→ **Exercise directions**
A word-for-word copy of the data is what's wanted, with no pictures.

[Records from a collection]
┄┄┄┄┄┄

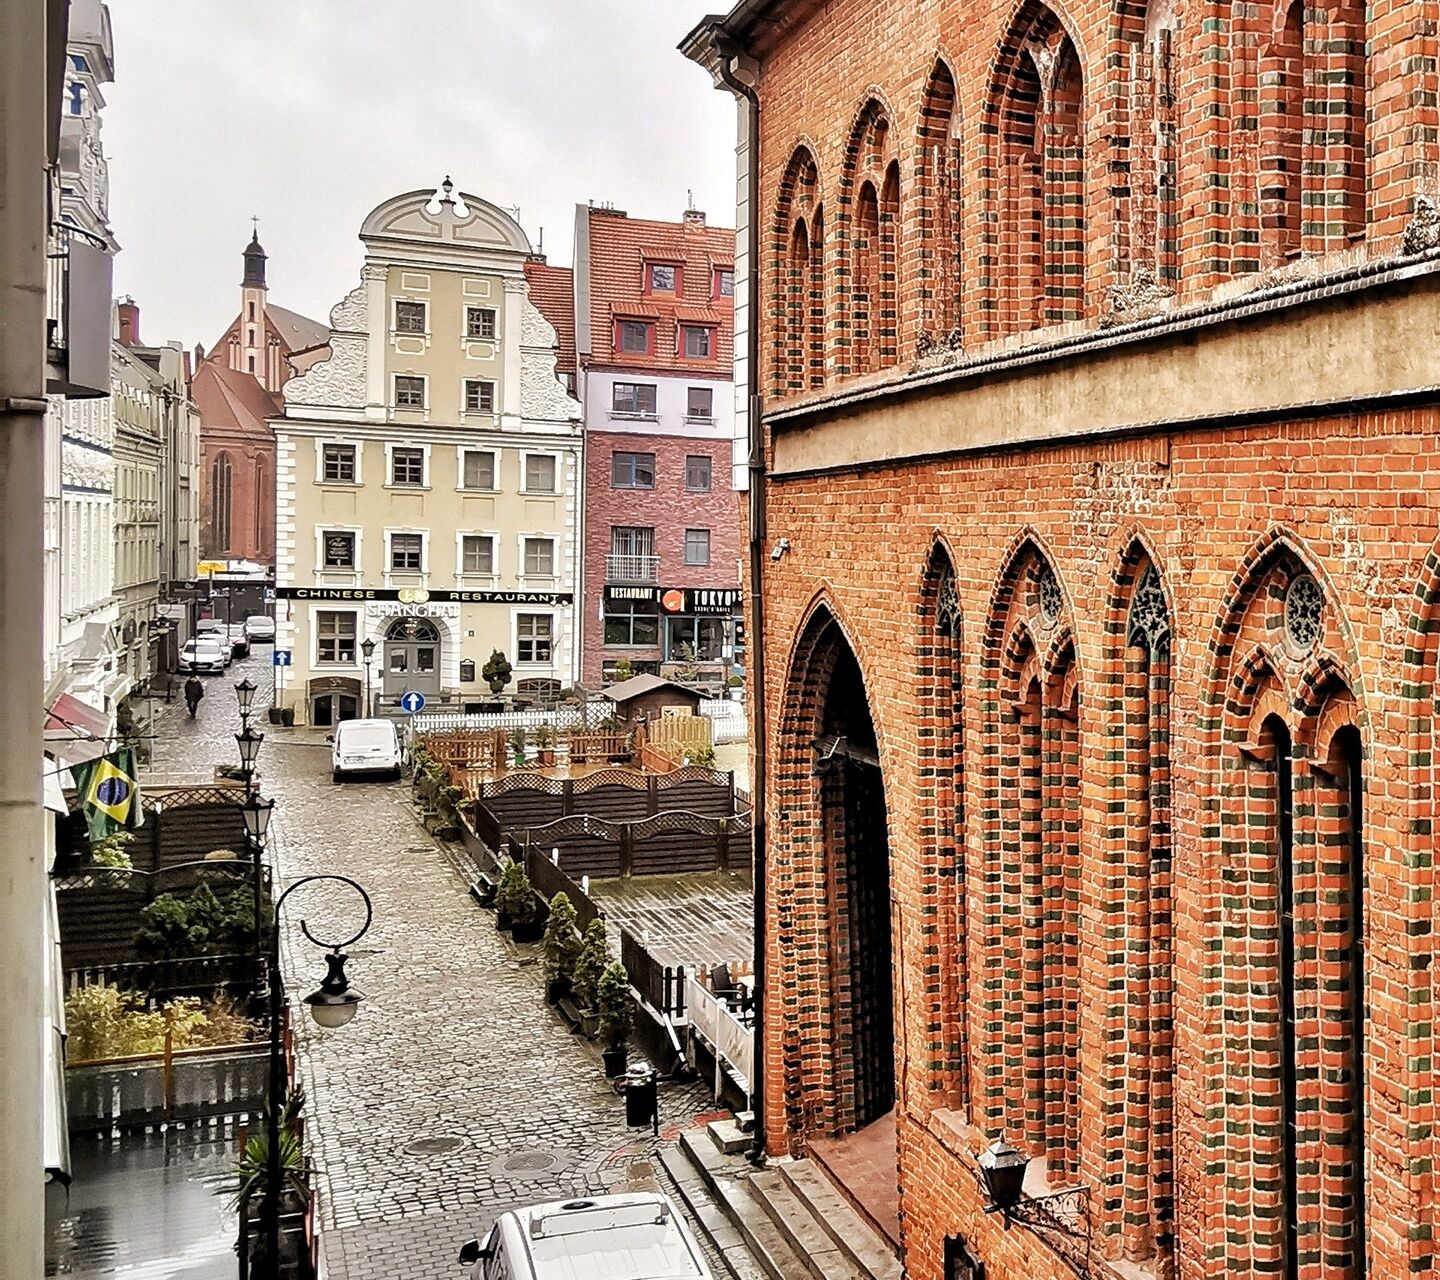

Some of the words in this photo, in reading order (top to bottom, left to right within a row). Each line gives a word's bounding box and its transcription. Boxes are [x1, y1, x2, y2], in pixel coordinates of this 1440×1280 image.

[296, 589, 375, 599] CHINESE
[449, 592, 559, 603] RESTAURANT
[611, 587, 653, 599] RESTAURANT
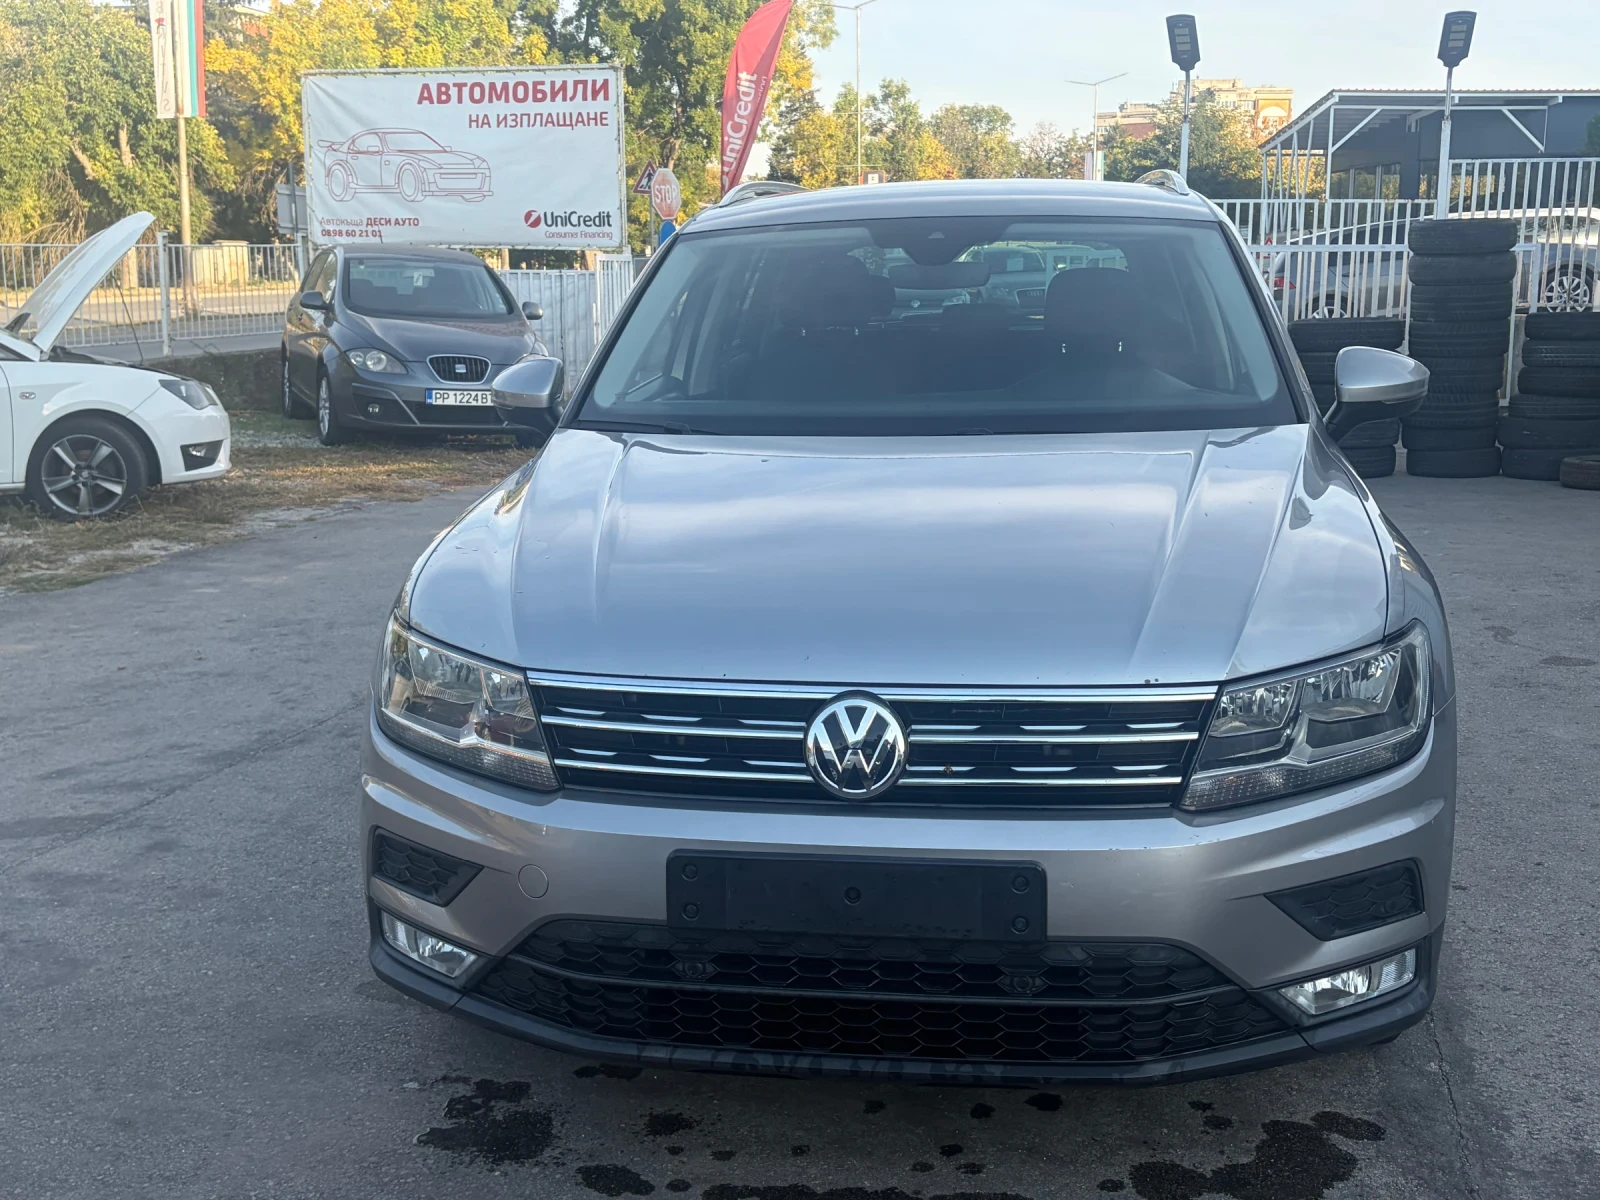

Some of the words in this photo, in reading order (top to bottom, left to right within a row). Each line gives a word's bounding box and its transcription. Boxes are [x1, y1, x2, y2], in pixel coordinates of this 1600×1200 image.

[417, 78, 610, 105] АВТОМОБИЛИ
[468, 113, 491, 129] НА
[496, 112, 609, 131] ИЗПЛАЩАНЕ
[655, 185, 677, 204] STOP
[320, 216, 363, 227] Автокъща
[366, 217, 392, 228] ДЕСИ
[394, 217, 420, 227] АУТО
[543, 210, 613, 228] UniCredit
[321, 228, 344, 237] 0898
[346, 229, 357, 237] 60
[359, 229, 370, 238] 21
[371, 229, 383, 238] 01
[545, 230, 579, 239] Consumer
[580, 230, 613, 241] Financing
[434, 392, 450, 403] PP
[453, 392, 479, 404] 1224

┄┄┄┄┄┄

→ **Exercise output**
Some of the words in this photo, in reading order (top to bottom, left to right within a row). Each line gives a word's bounding box and its transcription. Boxes are [x1, y1, x2, y2], in pixel coordinates of this 1440×1280 image.

[296, 589, 375, 599] CHINESE
[449, 592, 559, 603] RESTAURANT
[611, 587, 653, 599] RESTAURANT

Some of the words in this photo, in reading order (top to bottom, left to right within a row). Each line gives a word's bounding box and its transcription. Boxes are [x1, y1, x2, y2], in pixel coordinates of this 1600×1200 image.

[417, 78, 610, 105] АВТОМОБИЛИ
[468, 113, 491, 129] НА
[496, 112, 609, 131] ИЗПЛАЩАНЕ
[655, 185, 677, 204] STOP
[320, 216, 363, 227] Автокъща
[366, 217, 392, 228] ДЕСИ
[394, 217, 420, 227] АУТО
[543, 210, 613, 228] UniCredit
[321, 228, 344, 237] 0898
[346, 229, 357, 237] 60
[359, 229, 370, 238] 21
[371, 229, 383, 238] 01
[545, 230, 579, 239] Consumer
[580, 230, 613, 241] Financing
[434, 392, 450, 403] PP
[453, 392, 479, 404] 1224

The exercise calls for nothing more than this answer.